Source data.
:::::
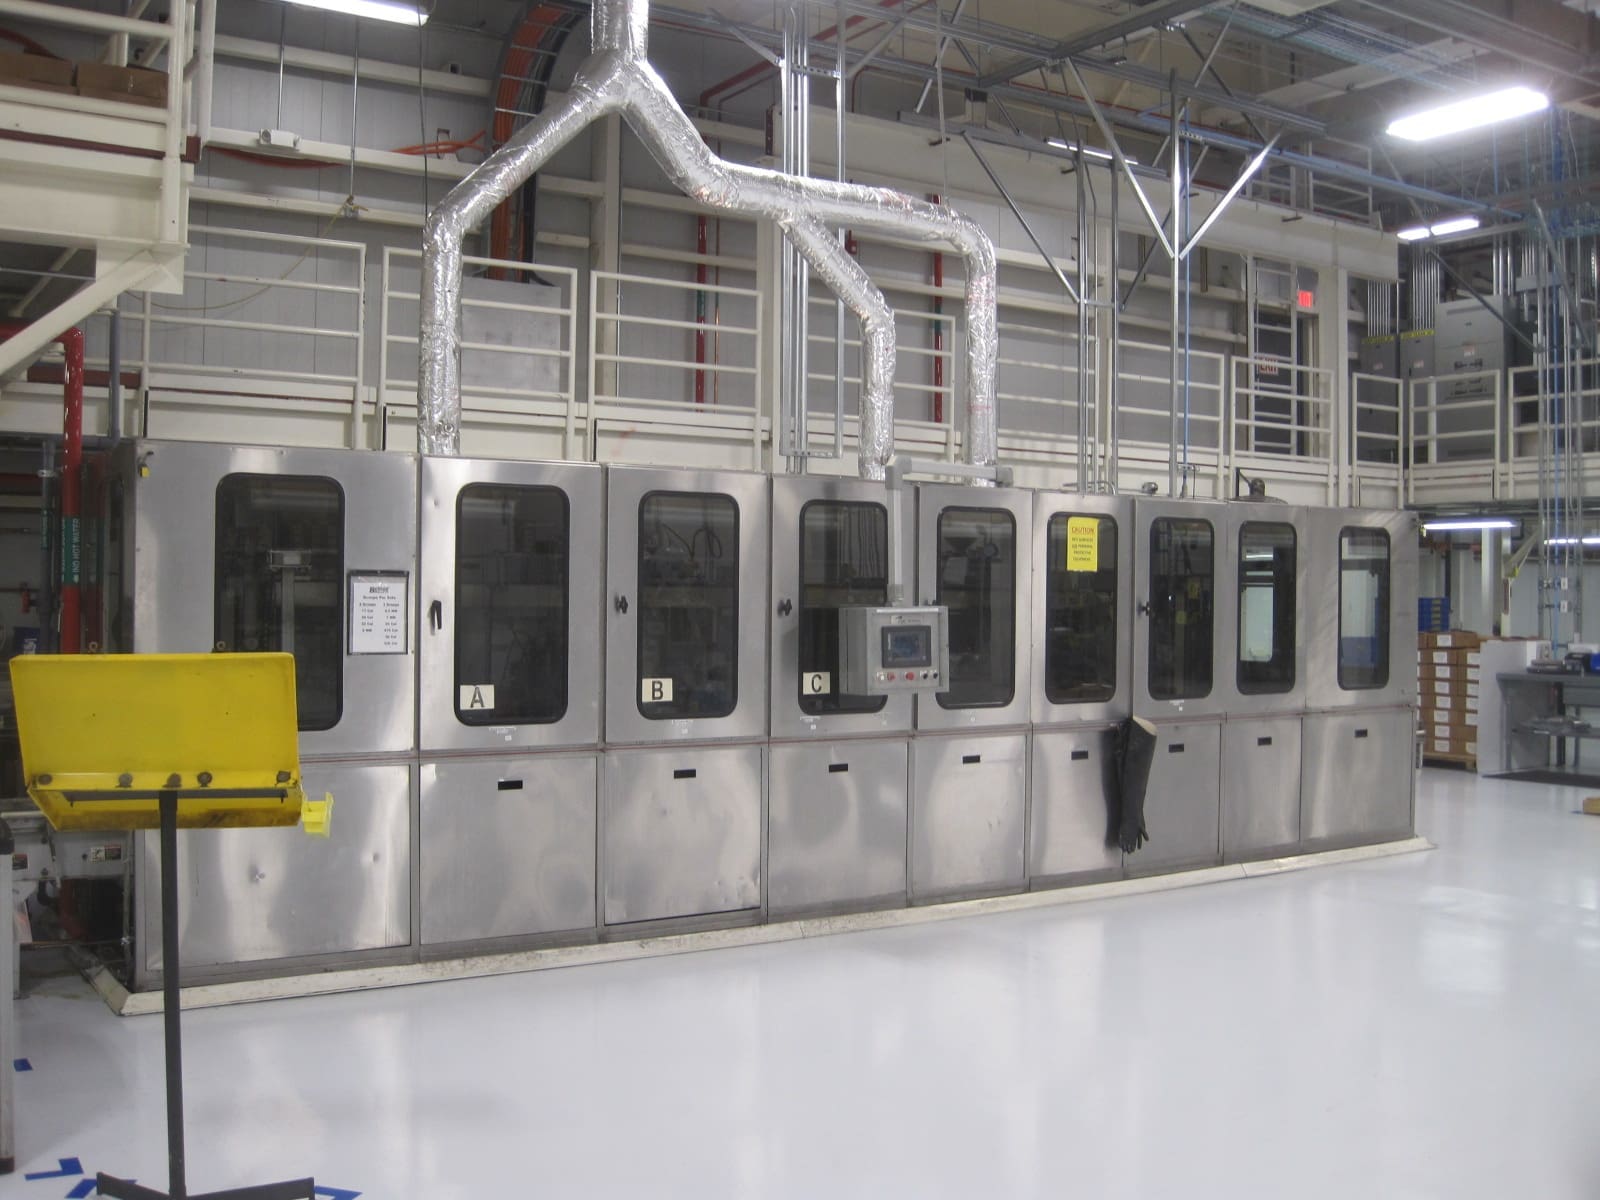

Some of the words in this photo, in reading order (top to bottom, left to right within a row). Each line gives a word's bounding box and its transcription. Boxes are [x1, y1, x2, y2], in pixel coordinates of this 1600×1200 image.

[651, 680, 664, 700] B
[811, 674, 822, 693] C
[470, 686, 485, 708] A
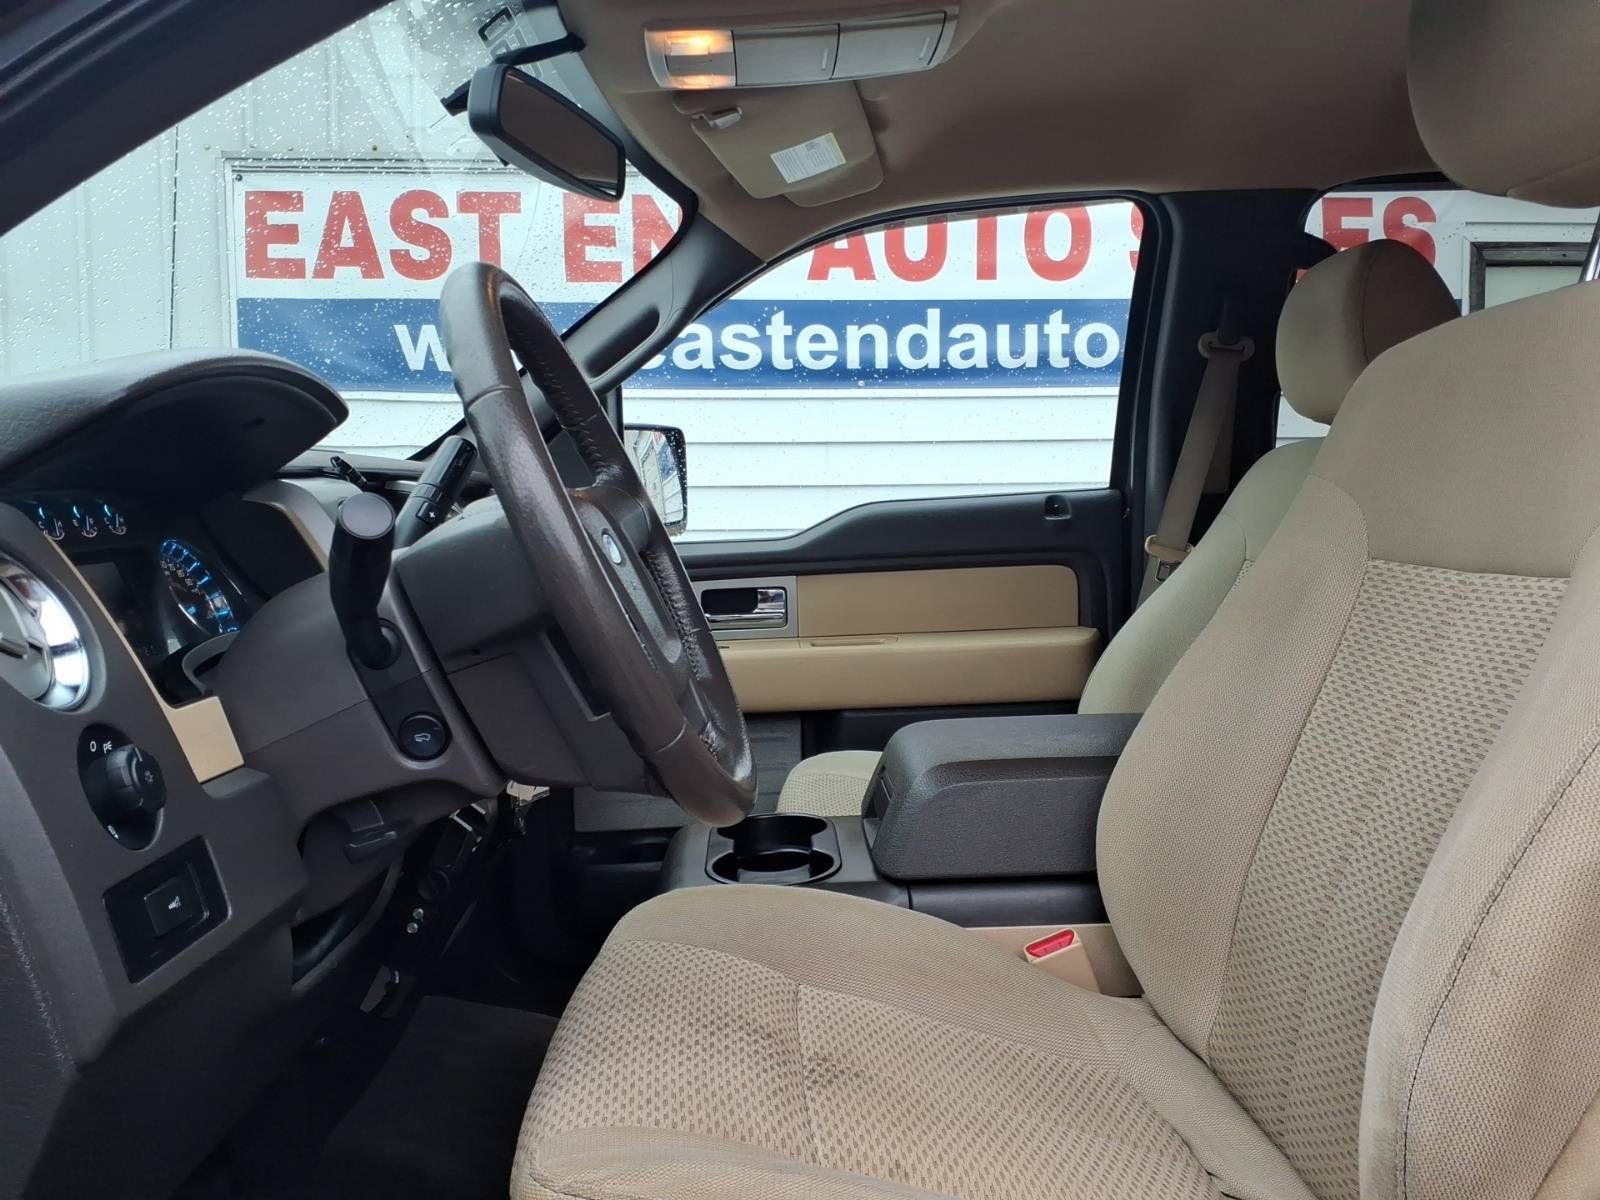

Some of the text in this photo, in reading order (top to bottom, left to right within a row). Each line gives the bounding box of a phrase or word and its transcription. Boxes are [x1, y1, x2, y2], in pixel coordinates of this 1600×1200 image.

[245, 190, 521, 281] EAST
[563, 192, 683, 282] EN
[807, 202, 1092, 282] AUTO
:::::
When you write out the data, keep every line exact and drop the pictures.

Task solution.
Some of the words in this photo, in reading order (top to bottom, left to right within a row). Each line gives a word's bounding box and its transcription. Boxes are [x1, y1, x2, y2], in pixel coordinates of this 1600×1200 image.

[651, 680, 664, 700] B
[811, 674, 822, 693] C
[470, 686, 485, 708] A

Some of the text in this photo, in reading order (top to bottom, left to right within a row). Each line gives the bounding box of a phrase or word and its transcription. Boxes are [x1, y1, x2, y2], in pixel coordinates of this 1600×1200 image.

[245, 190, 521, 281] EAST
[563, 192, 683, 282] EN
[807, 202, 1092, 282] AUTO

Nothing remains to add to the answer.